» Exercise description: Pictures stay out; everything else in the entries below is to be duplicated exactly.

» Information supplied:
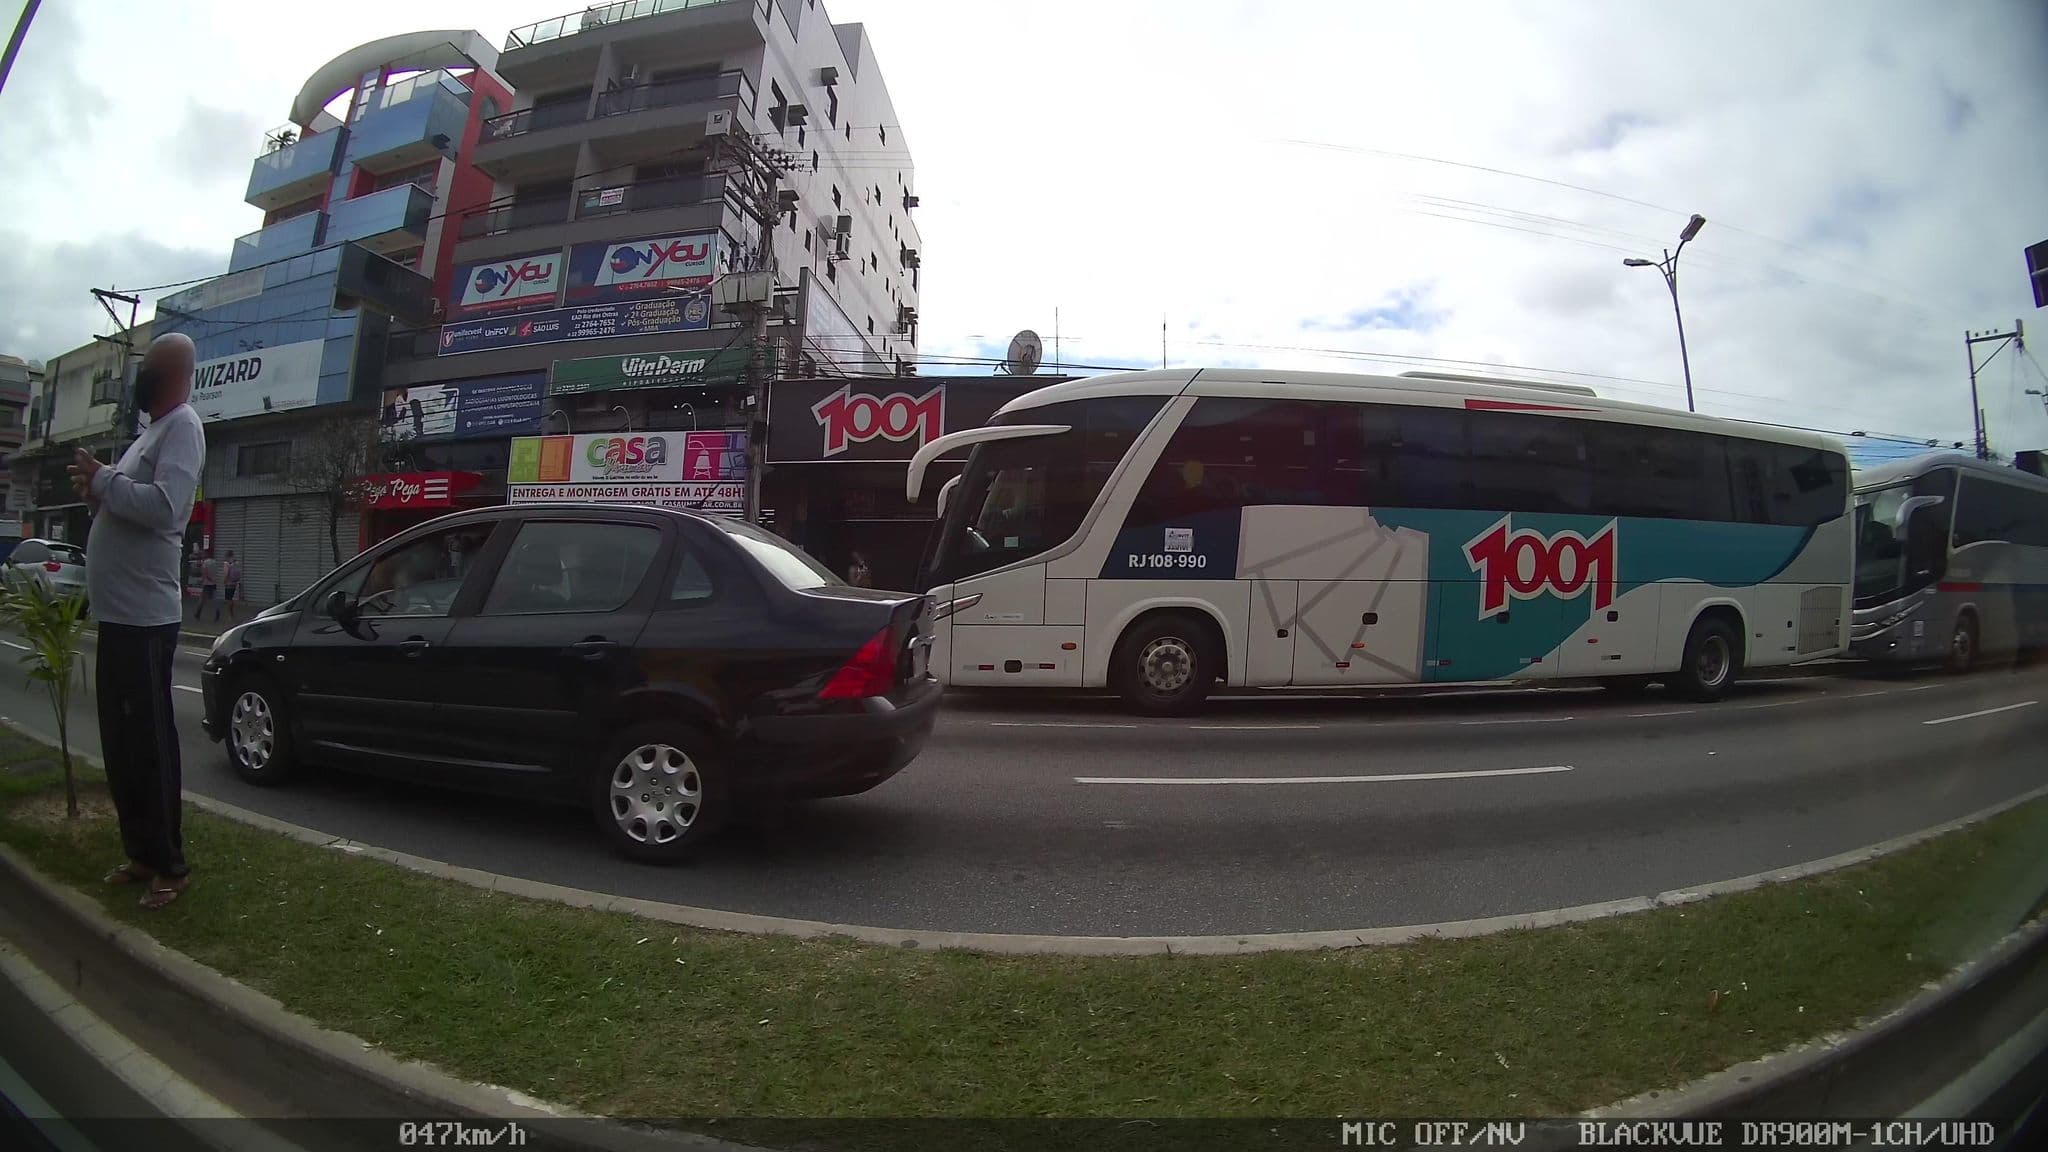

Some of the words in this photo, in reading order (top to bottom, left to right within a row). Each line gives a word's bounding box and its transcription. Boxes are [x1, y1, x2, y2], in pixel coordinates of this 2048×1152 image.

[635, 300, 676, 310] Graduação
[640, 308, 679, 318] Graduação
[581, 319, 616, 328] 2764-7652
[627, 315, 681, 326] Pós-Graduação
[578, 327, 616, 336] 99965-2476
[195, 357, 262, 390] WIZARD
[811, 383, 946, 457] 1001
[587, 436, 668, 467] casa
[390, 479, 421, 503] Pega
[513, 488, 556, 498] ENTREGA
[559, 488, 565, 497] E
[567, 487, 628, 497] MONTAGEM
[674, 487, 690, 497] EM
[1461, 513, 1617, 621] 1001

» Written response:
Some of the words in this photo, in reading order (top to bottom, left to right within a row). Each line gives a word's bounding box and its transcription. Boxes are [x1, y1, x2, y2], in pixel coordinates of this 2048×1152 image.

[635, 300, 676, 310] Graduação
[640, 308, 679, 318] Graduação
[581, 319, 616, 328] 2764-7652
[627, 315, 681, 326] Pós-Graduação
[578, 327, 616, 336] 99965-2476
[195, 357, 262, 390] WIZARD
[811, 383, 946, 457] 1001
[587, 436, 668, 467] casa
[390, 479, 421, 503] Pega
[513, 488, 556, 498] ENTREGA
[559, 488, 565, 497] E
[567, 487, 628, 497] MONTAGEM
[674, 487, 690, 497] EM
[1461, 513, 1617, 621] 1001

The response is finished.